Sunday, December 02, 2007

Identifiying Head and Shoulders Patterns before the Neckline Break

I would consider myself a student of two distinct methods of trading. First is the momentum, buy high and sell higher methods used to such great effect by William O'Neil. The other relies on the technical analysis indicators developed by Tomas DeMark. His indicators are used to identify changes in the trend and anticipate tops and bottoms in price movement.

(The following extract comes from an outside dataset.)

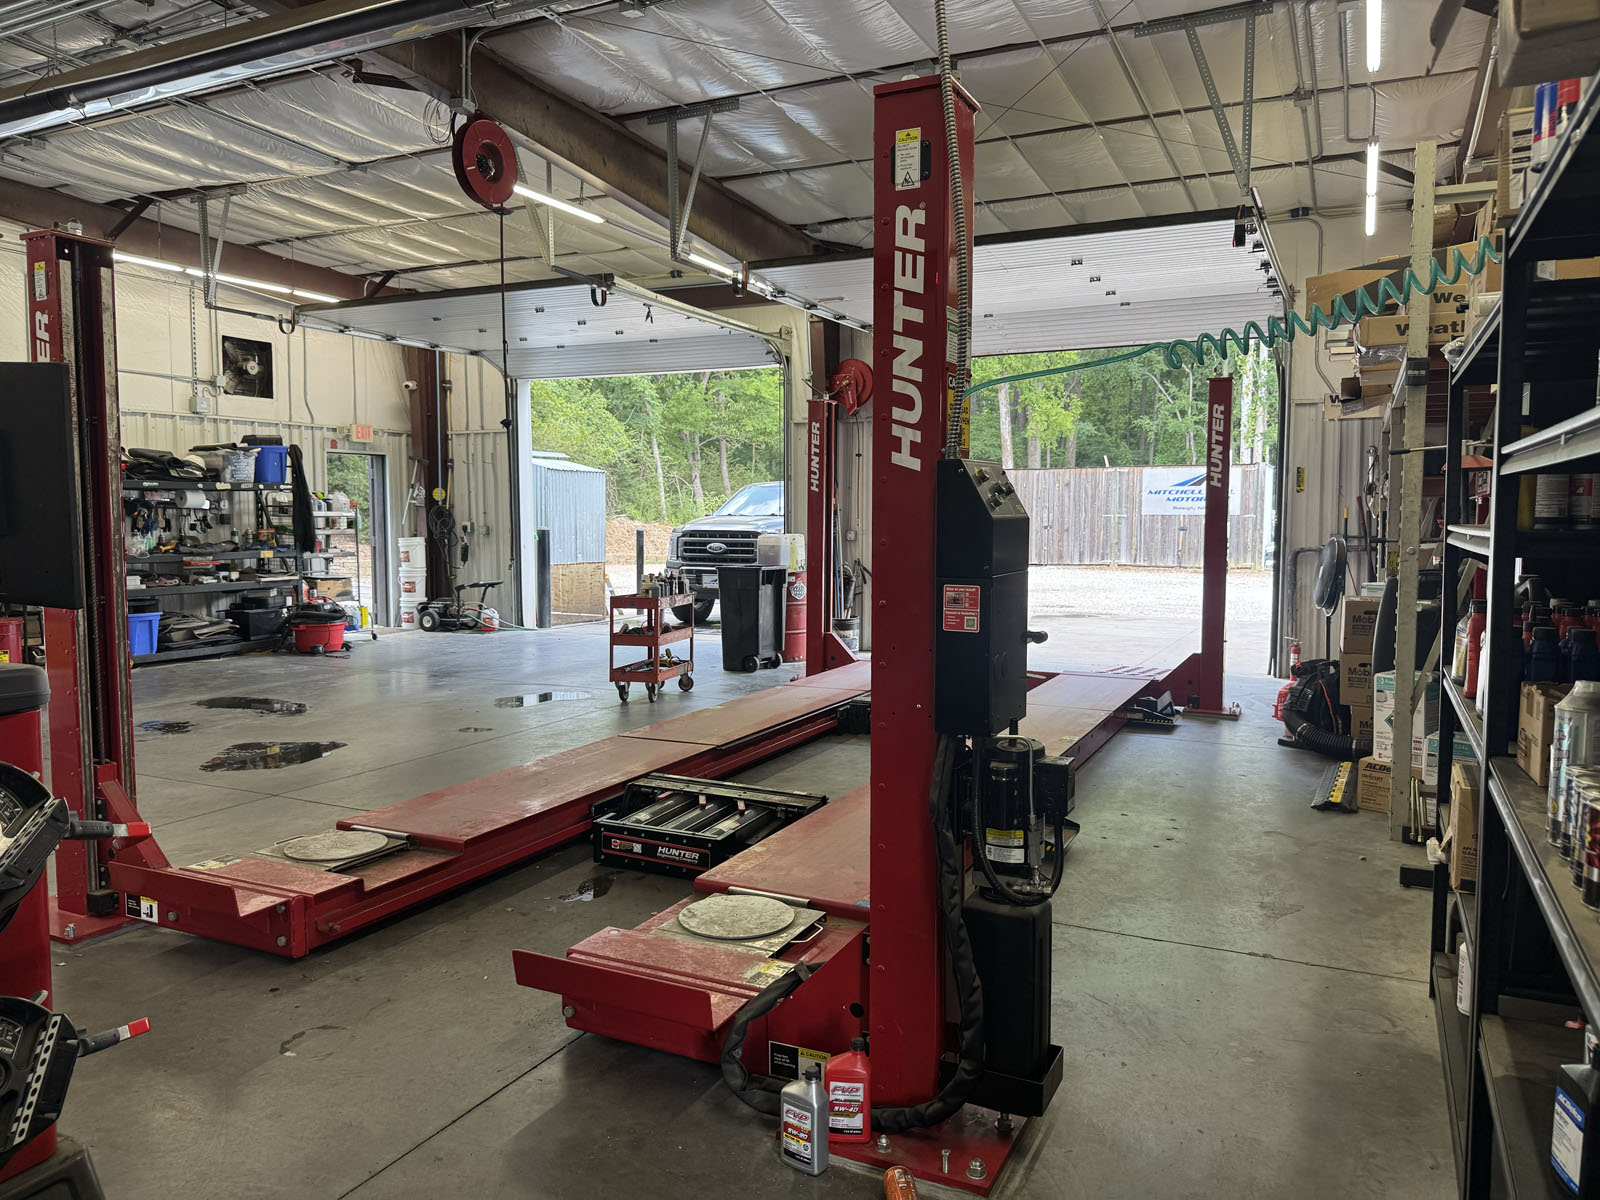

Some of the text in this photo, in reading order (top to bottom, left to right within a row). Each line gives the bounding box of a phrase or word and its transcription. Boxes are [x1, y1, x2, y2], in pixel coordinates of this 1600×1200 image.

While I feel fairly confident in my O'Neil buy and sell rules, I'm continually learning the great power of the DeMark indicator. Take, for instance, the chart of Force Protection (FRPT), which I wrote about in two previous posts. It first caught my eye when I was looking for TD Sequential buy signals. It came up in a scan and I watched it bounce to its previously defined TDST resistance line. I was amazed by how strong the resistance turned out to be, as every attempt to close above it failed. Taking a look at the weekly chart it seemed to be forming the right side of a head and shoulder top. This would have been a great short entry point and would have given someone a very low-risk short, assuming that a buy stop would have been placed just above the TDST resistance line. Also notice that such an entry would have given the position an extra 9 points (or 35%) well before the traditional neckline entry was reached.

I did not enter this short, but have seen this pattern repeat itself over and over again (both long and short). I do not plan on missing the next one.